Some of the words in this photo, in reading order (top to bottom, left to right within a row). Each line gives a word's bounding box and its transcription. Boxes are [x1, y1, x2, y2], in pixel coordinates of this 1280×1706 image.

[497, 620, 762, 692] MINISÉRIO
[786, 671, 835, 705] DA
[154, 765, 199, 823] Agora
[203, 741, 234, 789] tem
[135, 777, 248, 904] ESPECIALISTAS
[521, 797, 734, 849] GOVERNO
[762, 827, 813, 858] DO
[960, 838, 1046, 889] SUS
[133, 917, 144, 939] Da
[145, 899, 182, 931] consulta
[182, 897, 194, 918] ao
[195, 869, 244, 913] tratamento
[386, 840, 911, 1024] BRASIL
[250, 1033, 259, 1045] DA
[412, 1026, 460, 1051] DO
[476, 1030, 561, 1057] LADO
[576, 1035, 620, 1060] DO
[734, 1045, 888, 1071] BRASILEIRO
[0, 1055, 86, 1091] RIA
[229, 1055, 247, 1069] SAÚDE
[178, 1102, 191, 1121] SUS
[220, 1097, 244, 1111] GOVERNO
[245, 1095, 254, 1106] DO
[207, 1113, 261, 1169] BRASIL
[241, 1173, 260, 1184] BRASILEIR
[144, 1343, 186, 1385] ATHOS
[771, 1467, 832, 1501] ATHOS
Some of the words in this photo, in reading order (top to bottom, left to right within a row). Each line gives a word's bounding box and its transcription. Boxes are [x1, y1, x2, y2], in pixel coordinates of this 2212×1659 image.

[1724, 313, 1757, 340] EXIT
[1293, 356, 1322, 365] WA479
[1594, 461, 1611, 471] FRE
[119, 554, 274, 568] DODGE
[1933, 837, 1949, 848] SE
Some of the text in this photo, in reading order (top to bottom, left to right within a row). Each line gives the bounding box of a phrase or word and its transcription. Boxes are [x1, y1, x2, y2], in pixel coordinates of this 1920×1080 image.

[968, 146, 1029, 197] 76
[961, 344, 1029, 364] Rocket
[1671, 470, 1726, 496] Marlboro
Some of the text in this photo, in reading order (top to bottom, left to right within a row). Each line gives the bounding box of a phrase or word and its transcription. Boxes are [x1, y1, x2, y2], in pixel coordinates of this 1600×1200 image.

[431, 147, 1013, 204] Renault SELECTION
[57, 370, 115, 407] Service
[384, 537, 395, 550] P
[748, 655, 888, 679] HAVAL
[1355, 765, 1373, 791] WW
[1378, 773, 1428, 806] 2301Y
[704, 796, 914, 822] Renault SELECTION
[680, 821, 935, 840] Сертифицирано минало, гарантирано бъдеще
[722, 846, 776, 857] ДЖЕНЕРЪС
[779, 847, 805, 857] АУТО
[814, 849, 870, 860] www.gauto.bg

——————————

The records above need to be output again, verbatim.

Some of the words in this photo, in reading order (top to bottom, left to right within a row). Each line gives a word's bounding box and its transcription. Boxes are [x1, y1, x2, y2], in pixel coordinates of this 1280×1706 image.

[497, 620, 762, 692] MINISÉRIO
[786, 671, 835, 705] DA
[154, 765, 199, 823] Agora
[203, 741, 234, 789] tem
[135, 777, 248, 904] ESPECIALISTAS
[521, 797, 734, 849] GOVERNO
[762, 827, 813, 858] DO
[960, 838, 1046, 889] SUS
[133, 917, 144, 939] Da
[145, 899, 182, 931] consulta
[182, 897, 194, 918] ao
[195, 869, 244, 913] tratamento
[386, 840, 911, 1024] BRASIL
[250, 1033, 259, 1045] DA
[412, 1026, 460, 1051] DO
[476, 1030, 561, 1057] LADO
[576, 1035, 620, 1060] DO
[734, 1045, 888, 1071] BRASILEIRO
[0, 1055, 86, 1091] RIA
[229, 1055, 247, 1069] SAÚDE
[178, 1102, 191, 1121] SUS
[220, 1097, 244, 1111] GOVERNO
[245, 1095, 254, 1106] DO
[207, 1113, 261, 1169] BRASIL
[241, 1173, 260, 1184] BRASILEIR
[144, 1343, 186, 1385] ATHOS
[771, 1467, 832, 1501] ATHOS
Some of the words in this photo, in reading order (top to bottom, left to right within a row). Each line gives a word's bounding box and its transcription. Boxes are [x1, y1, x2, y2], in pixel coordinates of this 2212×1659 image.

[1724, 313, 1757, 340] EXIT
[1293, 356, 1322, 365] WA479
[1594, 461, 1611, 471] FRE
[119, 554, 274, 568] DODGE
[1933, 837, 1949, 848] SE
Some of the text in this photo, in reading order (top to bottom, left to right within a row). Each line gives the bounding box of a phrase or word and its transcription. Boxes are [x1, y1, x2, y2], in pixel coordinates of this 1920×1080 image.

[968, 146, 1029, 197] 76
[961, 344, 1029, 364] Rocket
[1671, 470, 1726, 496] Marlboro
Some of the text in this photo, in reading order (top to bottom, left to right within a row). Each line gives the bounding box of a phrase or word and its transcription. Boxes are [x1, y1, x2, y2], in pixel coordinates of this 1600×1200 image.

[431, 147, 1013, 204] Renault SELECTION
[57, 370, 115, 407] Service
[384, 537, 395, 550] P
[748, 655, 888, 679] HAVAL
[1355, 765, 1373, 791] WW
[1378, 773, 1428, 806] 2301Y
[704, 796, 914, 822] Renault SELECTION
[680, 821, 935, 840] Сертифицирано минало, гарантирано бъдеще
[722, 846, 776, 857] ДЖЕНЕРЪС
[779, 847, 805, 857] АУТО
[814, 849, 870, 860] www.gauto.bg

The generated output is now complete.